Q. When my business partner and I formed an “S” Corporation, we had been personal friends for many years. We are now 5 years down the line and recognize – albeit belatedly - that our work styles do not mesh. We argue frequently about everything from marketing to budgeting and are ready to call it quits. I am the President of the Corporation with 50% of the shares; my partner is the Vice-President with the other 50% of the shares. How do we end the Corporation so we may move on separately in business?
A. When business partners decide to separate, it is akin to a marital divorce. Your dreams and hopes for this partnership did not materialize and you are disappointed by the reality of an unsuccessful future together. Moreover, you are quite possibly losing the friendship of a close and familiar comrade. Yet…you understand that you need to sever the relationship so that you may move ahead with your business goals. While it is not easy to take this path, once you have carefully made the decision, it is probably for the best. So, how do you do it?

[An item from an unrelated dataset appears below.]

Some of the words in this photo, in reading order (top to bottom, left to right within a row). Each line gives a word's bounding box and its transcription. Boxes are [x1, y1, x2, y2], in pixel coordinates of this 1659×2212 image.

When you incorporated the business, you or your attorney filed a Certificate of Incorporation and prepared the corporate Bylaws. You or your attorney should consult those Bylaws to determine the means of terminating the corporation, whether by transferring shares from one shareholder to the other, resigning as a corporate officer, passing a Resolution at a “Special Meeting,” or perhaps all of the above. In addition, a Dissolution Agreement signed by both of you should be prepared and executed (signed by both parties to the Agreement before a notary public.) This Agreement will deal with who pays outstanding business debts (if any), use of corporate customer lists and/or business name, sale or distribution of corporate assets, and details concerning the winding down of the business. In addition, New York State’s Department of State, Division of Corporations will also need to be notified of the dissolution. For more information about NYS Department of State, Division of Corporations rules, please see www.dos.ny.gov/corps.

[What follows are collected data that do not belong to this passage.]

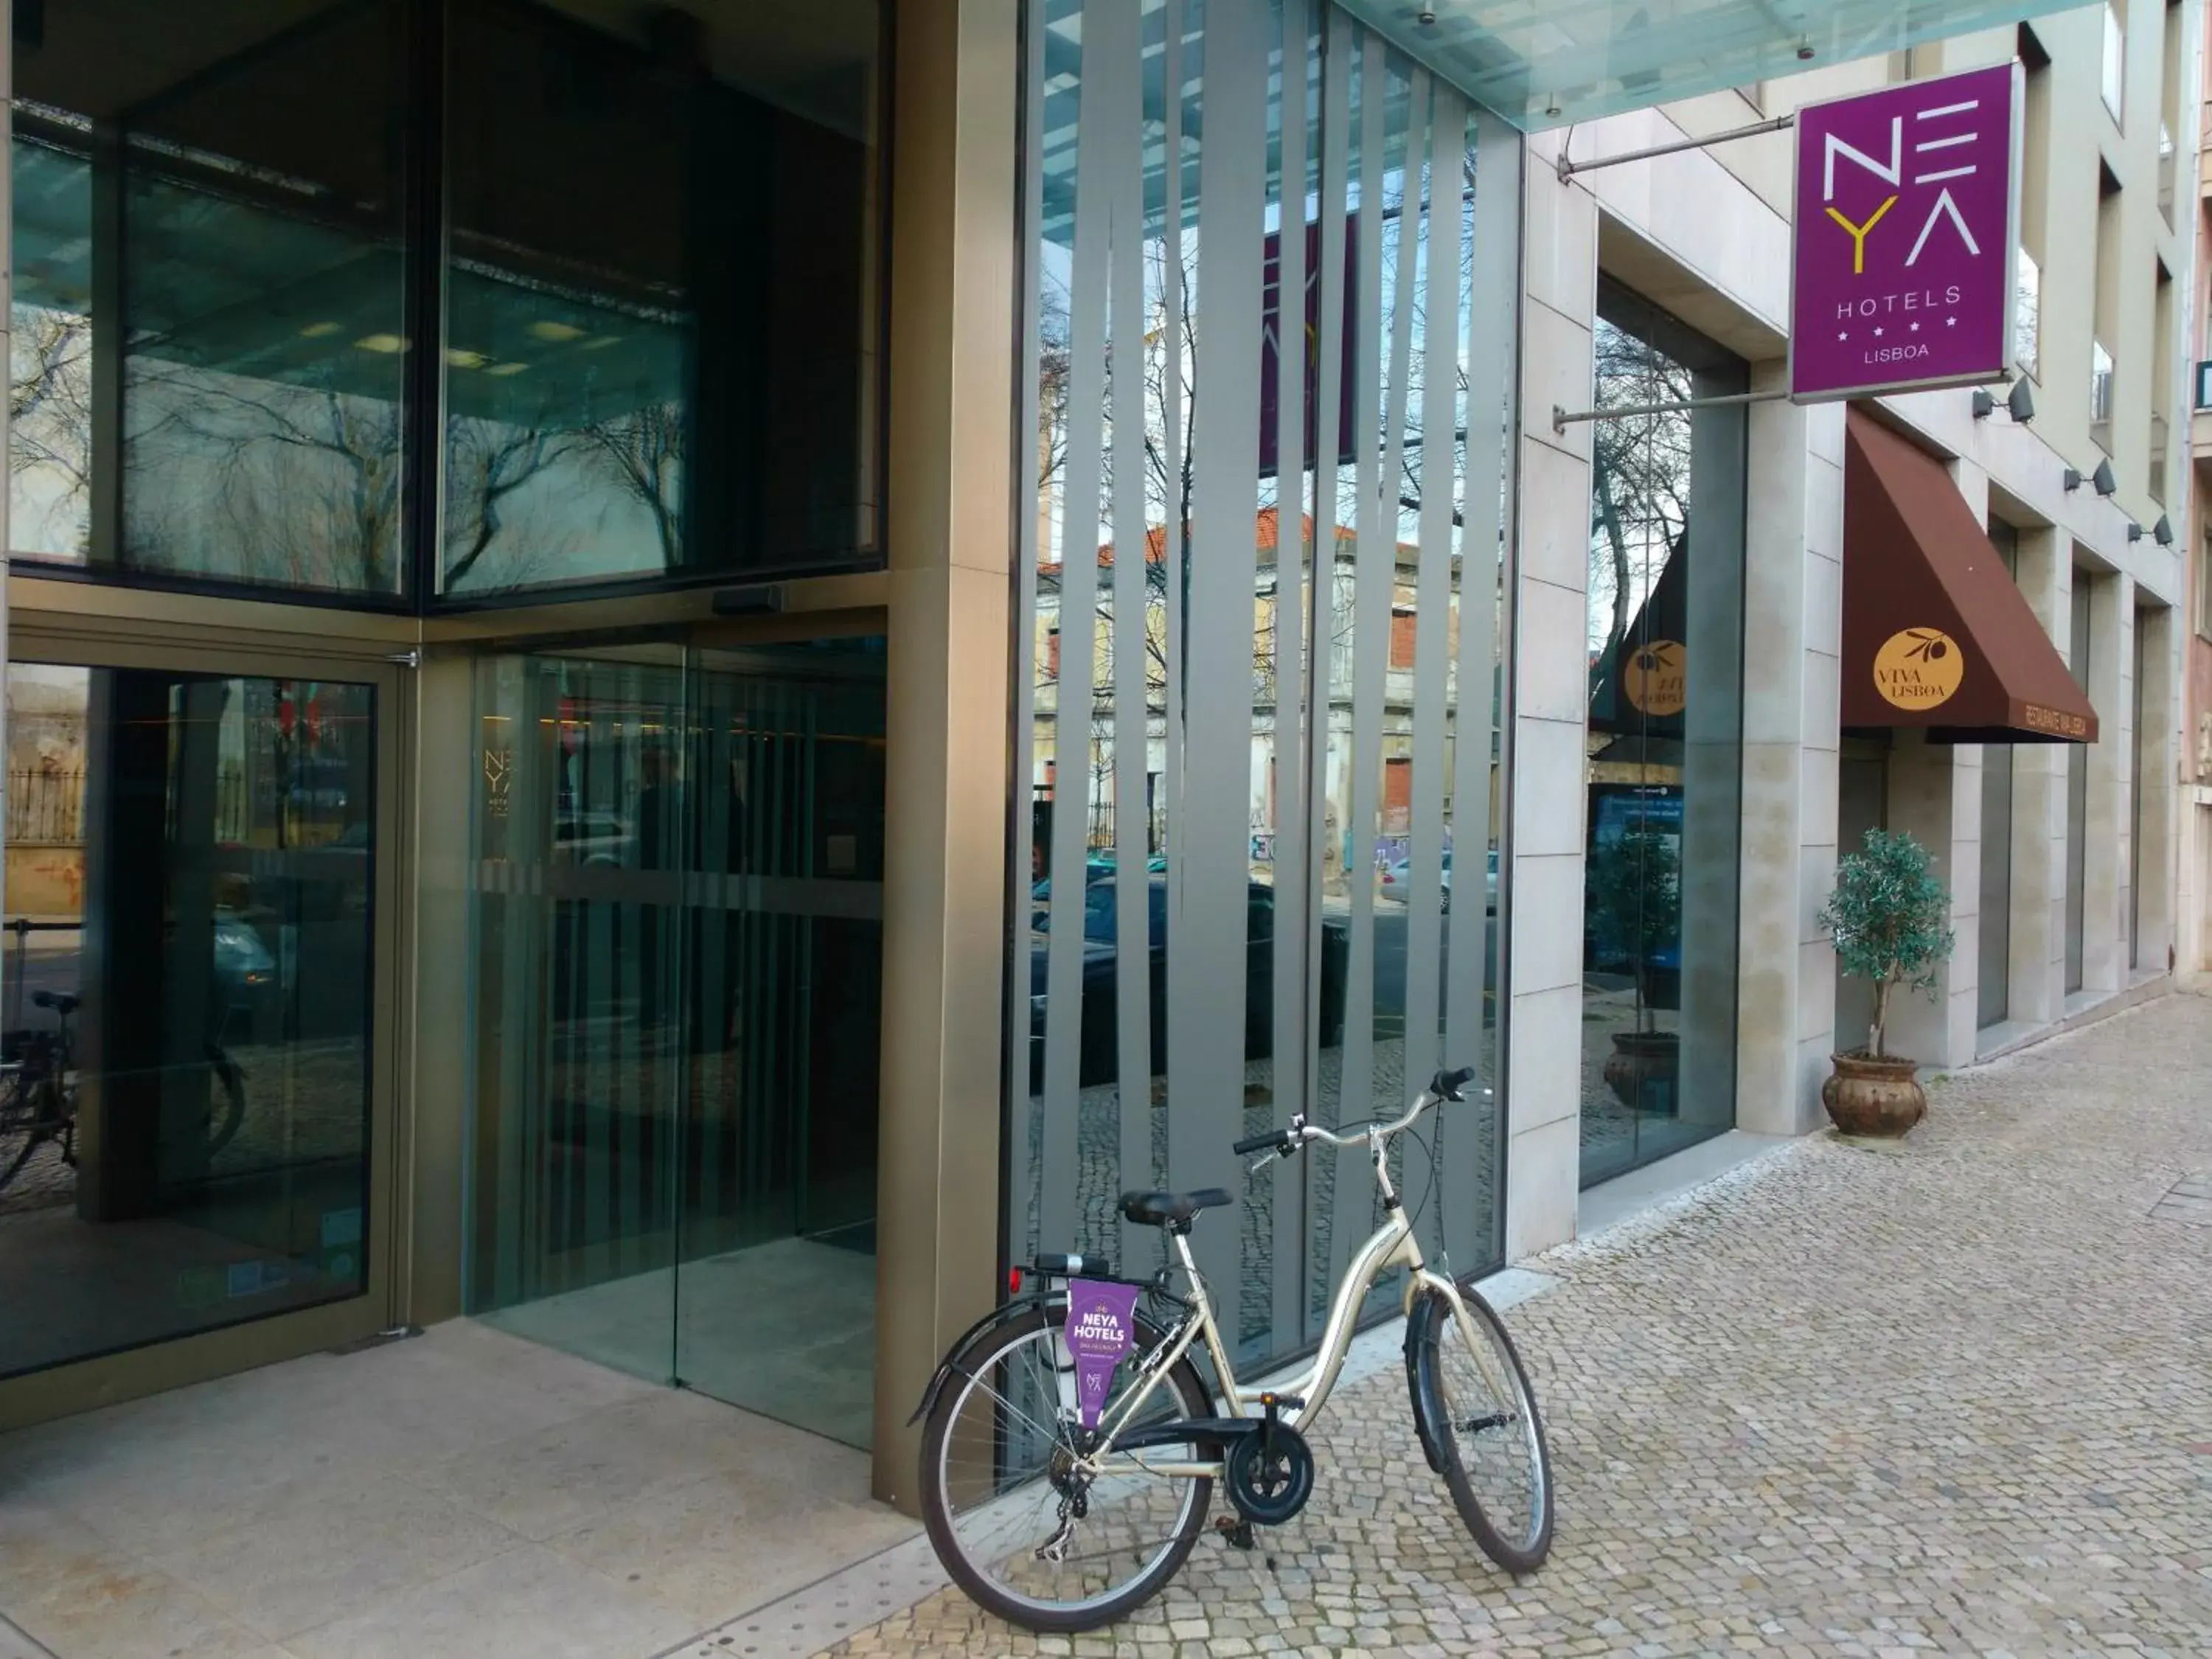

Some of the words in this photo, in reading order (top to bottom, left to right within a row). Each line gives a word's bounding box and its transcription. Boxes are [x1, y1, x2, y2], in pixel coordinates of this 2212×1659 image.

[1837, 285, 1961, 319] HOTELS
[1864, 344, 1930, 364] LISBOA
[1878, 668, 1922, 684] VIVA
[1891, 685, 1945, 698] LISBOA
[1083, 1312, 1118, 1327] NEYA
[1074, 1326, 1124, 1342] HOTELS

I strongly suggest that you and your partner do not share one attorney in this process. You and your partner have different goals in winding down the business. You may not see it now; you will see it as negotiations begin as to outstanding debts and ownership of customer lists, etc. Each of you needs a separate attorney in this process to protect and represent your disparate needs. While it may look as though you have a similar goal (i.e. terminating the business), in fact this situation is rife with different agendas and conflicts of interest. Each partner wants to end the business with as little debt or encumbrance assigned to him/her and with the most benefit. One attorney cannot represent two people with vastly different interests. Besides being unfair to both parties to the Agreement, it would be an ethical violation of the Attorneys’ Rules of Professional Responsibility for one attorney to represent you and your partner.
I am sorry to hear that your business partner and you are not able to continue your business. However, it is wise that you plan to properly terminate the business and move ahead with your separate business goals. Good luck to both of you.